Tuesday, November 3, 2015

Downtown Fort Worth's Sleeping Panther Took Me To The Heart Of Darkness Today

On the way to my downtown Fort Worth destination this morning I drove past that which you see here. I'd driven by this many a time, but til today I'd never bothered to have myself a close up look.

From my parking location I walked back to the sleeping cat. Before I reached the cat I came upon something else that interested me.

More on that shortly.

Under the sculpture of the sleeping cat, hard to read through a veil of water, and years of erosion, it says....

FORT WORTH
PANTHER CITY

That Sleeping Panther has been causing Fort Worth embarrassment for well over a century. The thing I came upon on my way to the Sleeping Panther is the current worst manifestation of that embarrassment that I know of.

For those who do not know anything about the history of Fort Worth, and really, who does? As in,  I have run into a local or two, including the smartest man in Texas, Gar the Texan, who did not know that Fort Worth had actually once been a fort, hence the name.

I digress.

Anyway for those ignorant about the storied history of Fort Worth and its Panther association, the mythical story goes thusly:

Way back early in the previous century, for some unknown reason a Dallas newspaper sent a reporter west to Fort Worth to report on what was happening in that town on the fringe of the wild, wild west. The reporter reported that what he found in Fort Worth was a town so lifeless that a Panther was sound asleep on the steps of the county courthouse.

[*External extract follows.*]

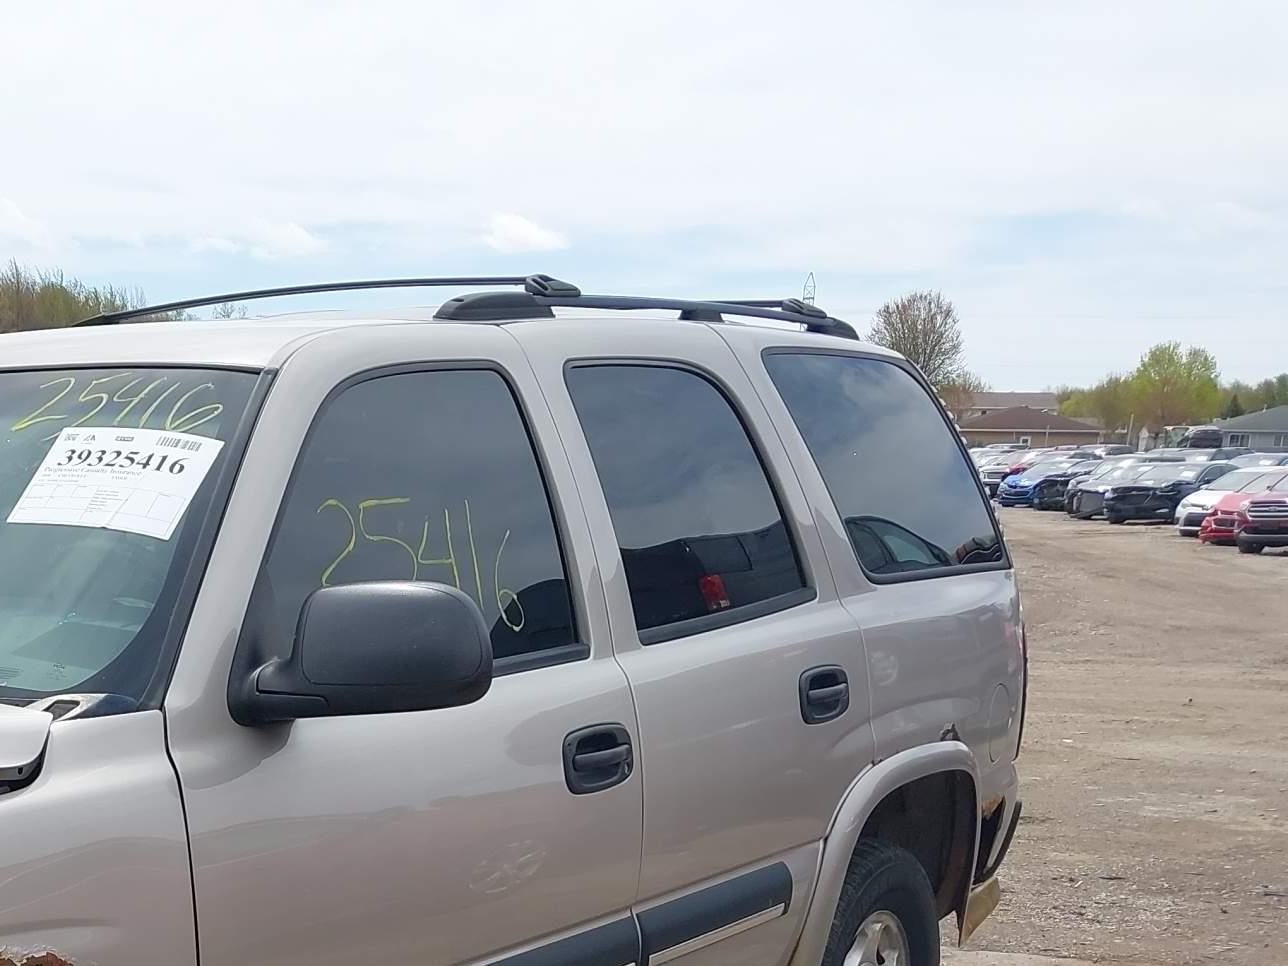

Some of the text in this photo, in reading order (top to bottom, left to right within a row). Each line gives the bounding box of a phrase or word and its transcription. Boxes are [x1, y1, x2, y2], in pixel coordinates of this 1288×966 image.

[11, 371, 224, 441] 25416
[57, 448, 191, 475] 39325416
[316, 496, 526, 633] 25416
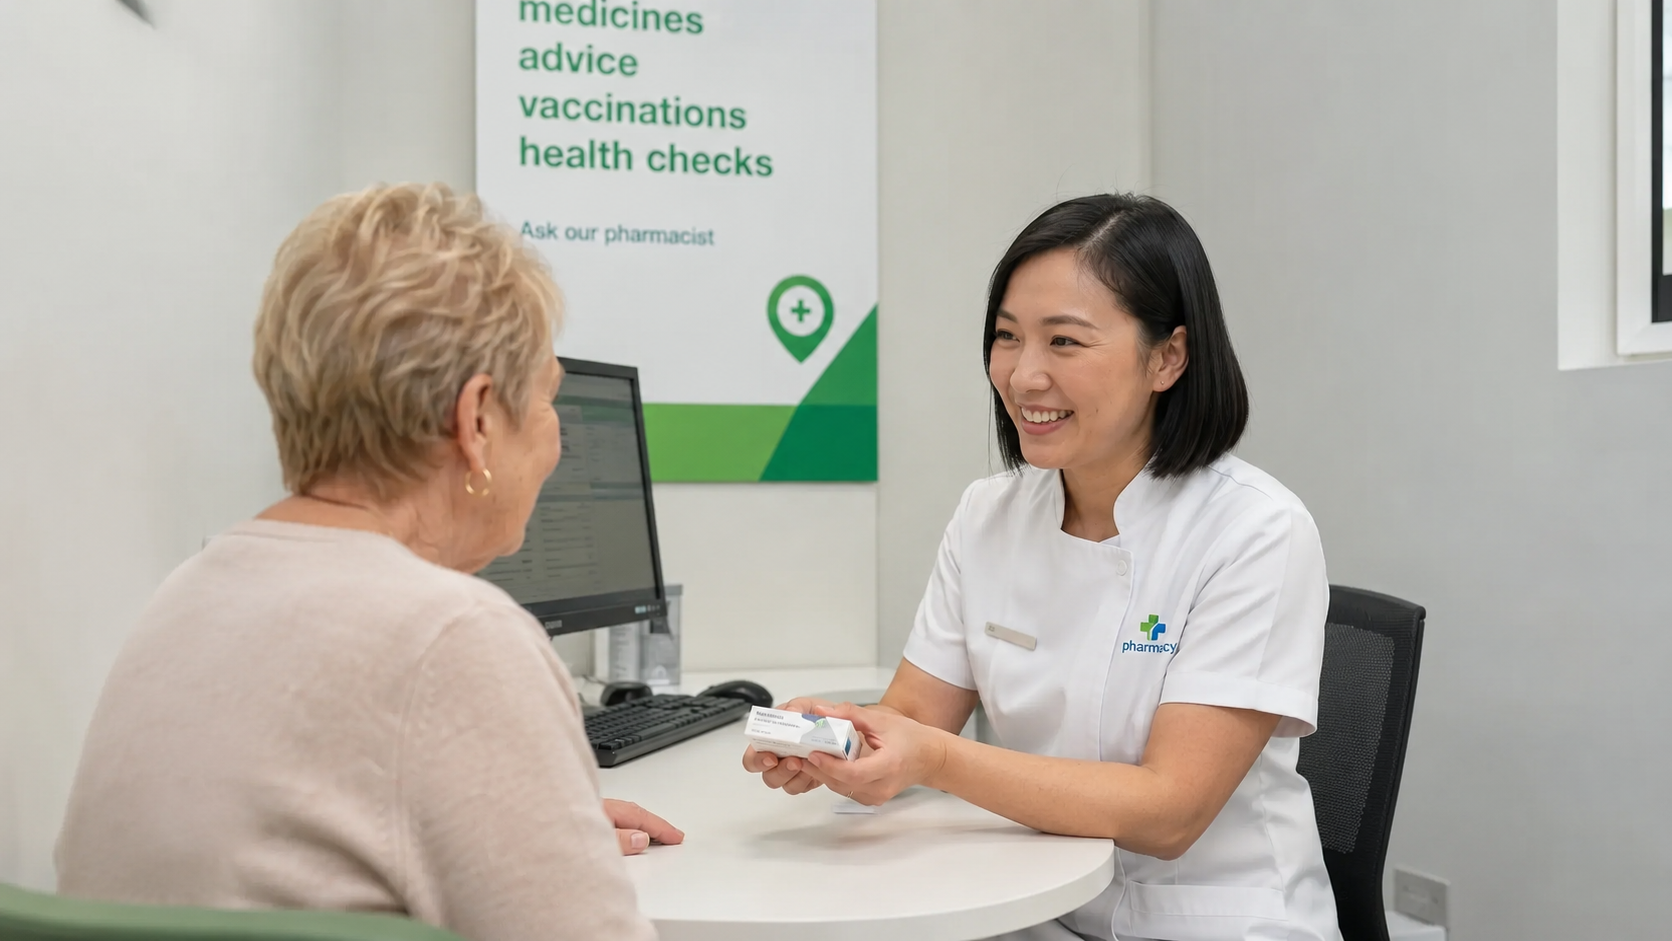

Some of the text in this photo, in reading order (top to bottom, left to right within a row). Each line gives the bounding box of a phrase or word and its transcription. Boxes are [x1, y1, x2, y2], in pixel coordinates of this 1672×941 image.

I do not know if this news was reported in an article or an editorial. I know the news did not get spread by radio or TV, because neither existed at that point in time.

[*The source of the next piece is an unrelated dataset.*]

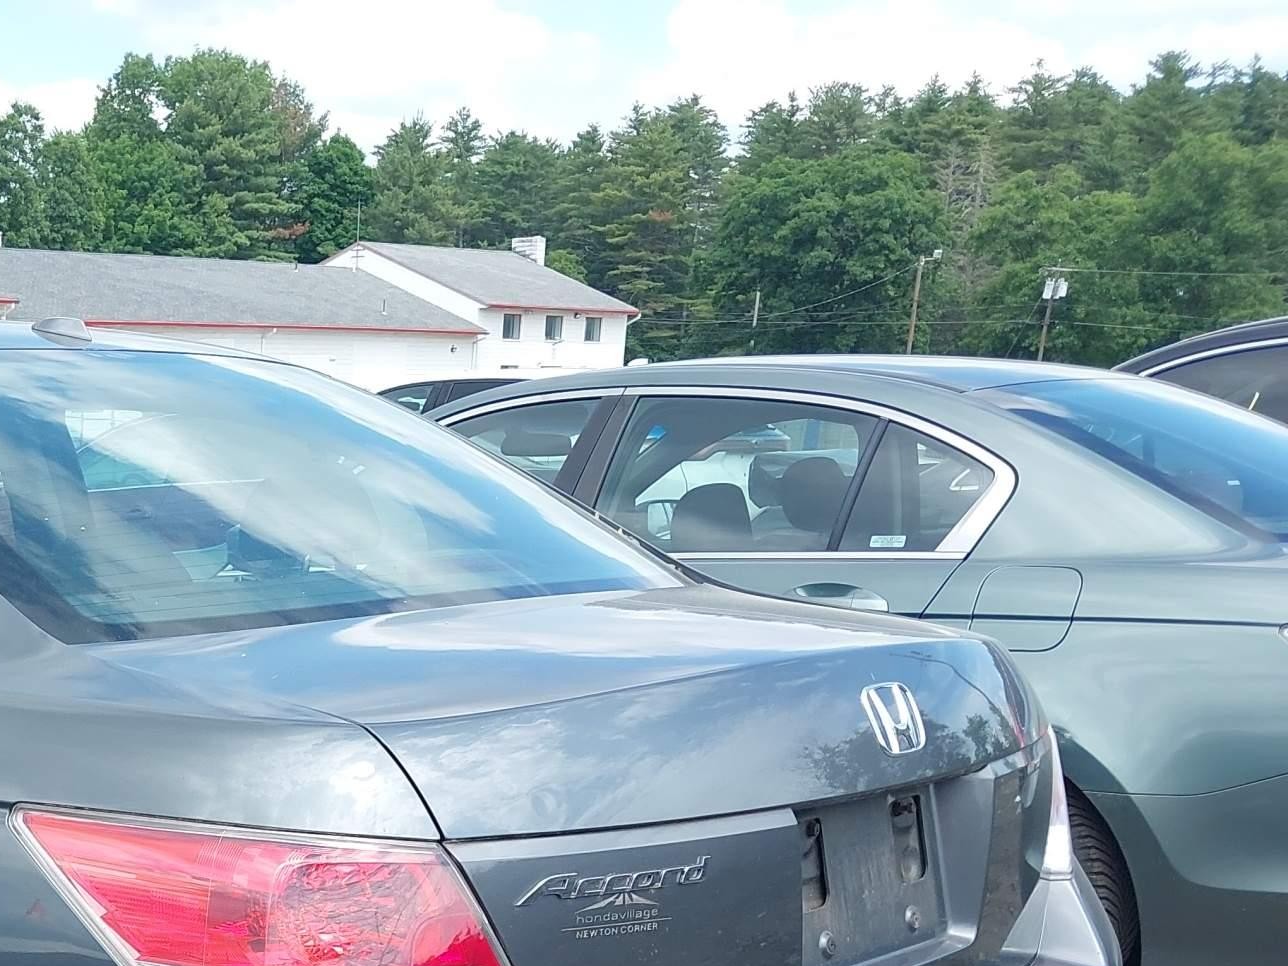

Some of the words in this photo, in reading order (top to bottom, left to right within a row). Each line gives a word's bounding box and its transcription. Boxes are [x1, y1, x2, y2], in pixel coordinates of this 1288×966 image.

[514, 856, 712, 906] Accord
[575, 908, 659, 925] hondavillage
[575, 927, 618, 939] NEWTON
[620, 922, 658, 935] CORNER

When news of this insult got back to Fort Worthians at first there was a spasm of outrage that their fine, bustling town would be besmirched in such a manner, with the nervy suggestion a Panther resided sleepily in the town's downtown. And then someone decided, or maybe it was a group decision, to embrace the idea that Fort Worth was so peaceful a Panther had taken up residence.

Or something like that.

Soon Fort Worth started calling itself Panther City. The Panther name was attached to all sorts of things, to sports teams, stores, laundromats, bowling alleys and all other manner of what not.

This bizarre nomenclature habit continues into the 21st century, which leads us to the thing I came upon today that impressed me far more than the sleeping Panther of yesteryear.

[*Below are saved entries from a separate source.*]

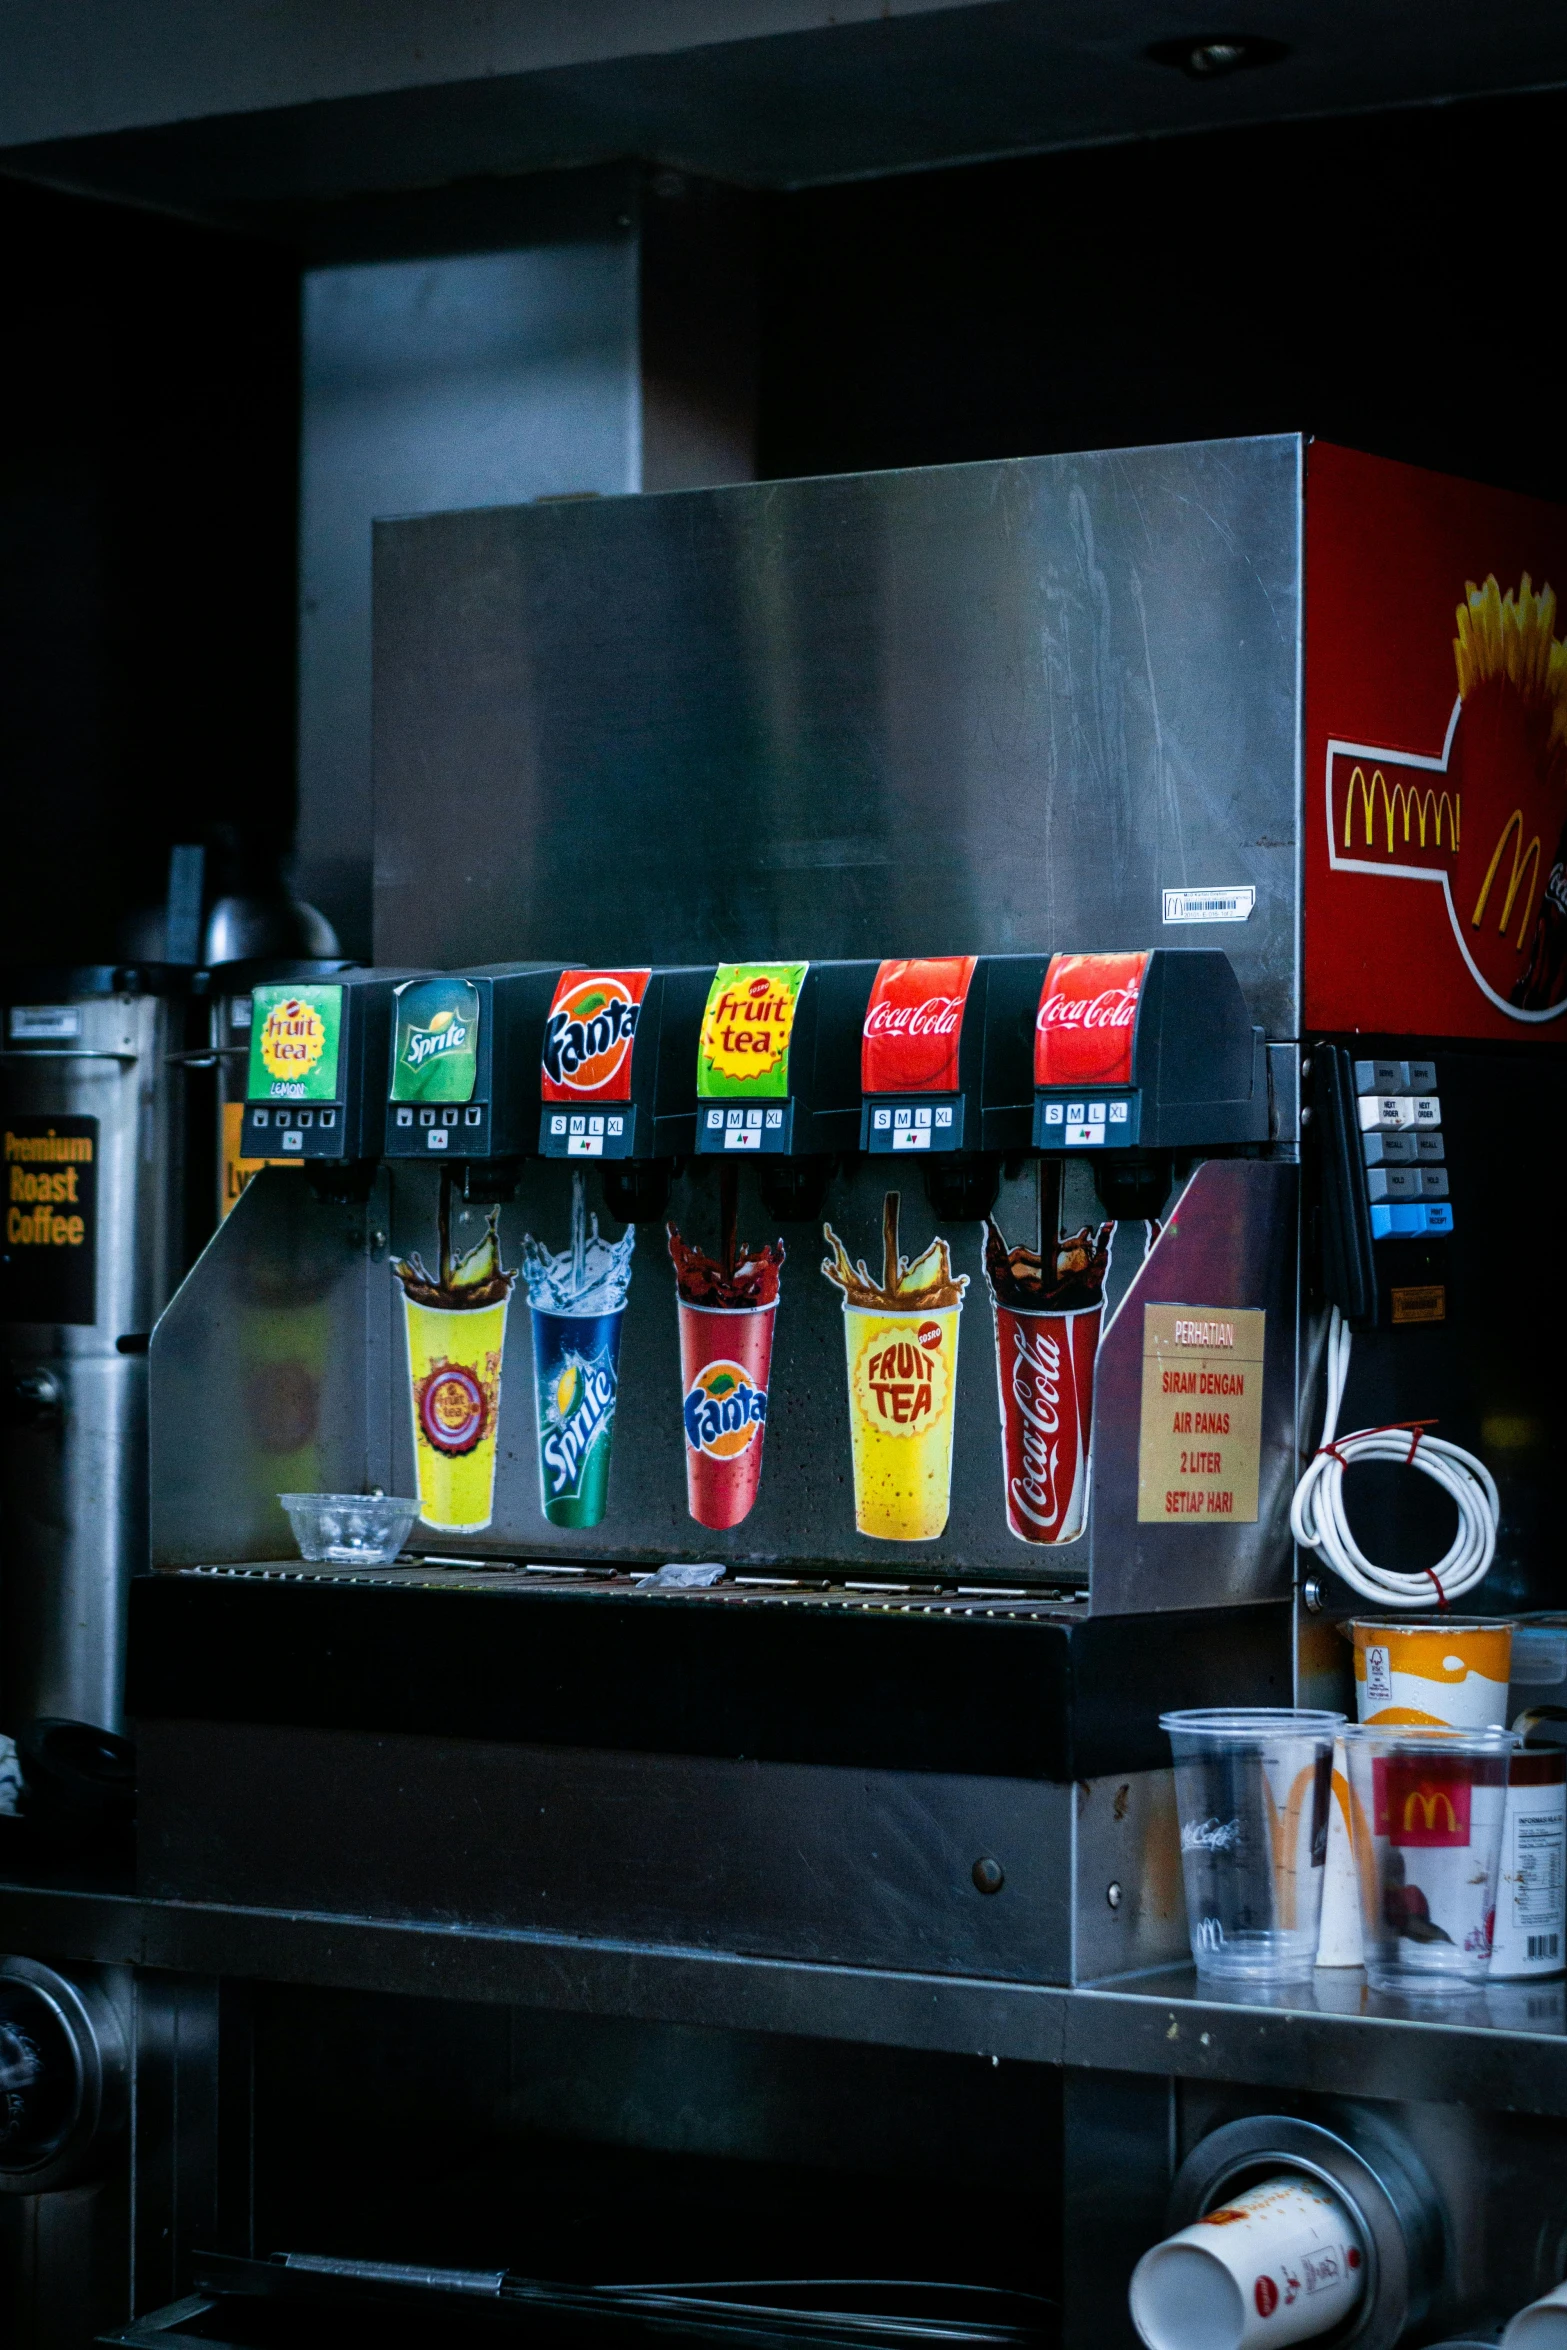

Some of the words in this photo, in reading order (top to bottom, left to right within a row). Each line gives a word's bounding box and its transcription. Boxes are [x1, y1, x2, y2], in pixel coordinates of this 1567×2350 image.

[749, 982, 770, 995] SOSRO
[717, 993, 788, 1024] fruit
[863, 996, 966, 1038] Coca-Cola
[1036, 989, 1140, 1032] Coca-Cola
[267, 1013, 316, 1038] fruit
[407, 1025, 466, 1063] Sprite
[543, 997, 641, 1084] Fanta
[720, 1025, 771, 1053] tea
[273, 1042, 307, 1060] tea
[1414, 1069, 1428, 1078] SERVE
[270, 1081, 306, 1097] LEMON
[1050, 1108, 1059, 1120] S
[1070, 1108, 1081, 1119] M
[1092, 1108, 1100, 1119] L
[1111, 1107, 1126, 1118] XL
[1383, 1109, 1399, 1118] ORDER
[1384, 1101, 1396, 1110] NEXT
[1418, 1110, 1434, 1119] ORDER
[1419, 1102, 1430, 1110] NEXT
[554, 1120, 563, 1132] S
[573, 1120, 583, 1132] M
[592, 1120, 600, 1132] L
[609, 1121, 623, 1132] XL
[711, 1114, 720, 1126] S
[730, 1114, 740, 1125] M
[750, 1114, 757, 1125] L
[766, 1113, 781, 1125] XL
[878, 1114, 887, 1125] S
[898, 1113, 908, 1124] M
[919, 1112, 927, 1124] L
[936, 1111, 951, 1123] XL
[3, 1129, 94, 1163] Premium
[1386, 1141, 1403, 1149] RECALL
[1420, 1141, 1438, 1149] RECALL
[9, 1165, 80, 1203] Roast
[7, 1205, 85, 1245] Coffee
[919, 1327, 941, 1344] SOSRO
[1175, 1320, 1234, 1347] PERHATIAN
[869, 1341, 935, 1381] FRUIT
[1162, 1371, 1196, 1394] SIRAM
[1200, 1373, 1244, 1396] DENGAN
[869, 1382, 932, 1424] TEA
[684, 1383, 767, 1451] Fanta
[1010, 1321, 1060, 1527] Coca-Cola
[1173, 1412, 1192, 1433] AIR
[1195, 1413, 1230, 1434] PANAS
[543, 1368, 612, 1493] Sprite
[1180, 1452, 1187, 1473] 2
[1190, 1452, 1221, 1473] LITER
[1165, 1491, 1204, 1513] SETIAP
[1207, 1491, 1233, 1513] HARI

As I walked toward the location of the Sleeping Panther, as I waited to cross a street, I looked up to see that which you see here.

I suddenly found myself looking at the Fort Worth Heart of Darkness, also known as the Star-Telegram.

That being Fort Worth's sad excuse for a newspaper, which really is not much of a newspaper, not of the reporting news of the local sort in an investigative, enlightening, honest manner, as in operating as a watch dog for the interests of the public for which this newspaper should be serving, rather than serving the local oligarchy.

In other words have you read anything in the Star-Telegram about the failure of America's Biggest Boondoggle's Cowtown Wakepark? You know that wondrous attraction that The Boondoggle's J.D. Granger touted as giving the population of Fort Worth the opportunity to participate in wakeboarding.

I did not realize, til today, how totally in cahoots America's Biggest Boondoggle is with Fort Worth's sad excuse for a newspaper. And what made me realize this cahoots-ness?

Well.

I walked across the street, under the Star-Telegram sign and looked at what I thought was going to be the entry to the Star-Telegram to see that which you see below.


Elaborate propaganda displays about America's Biggest Boondoggle, also known as the Trinity River Vision Central City Uptown Panther Island Vision.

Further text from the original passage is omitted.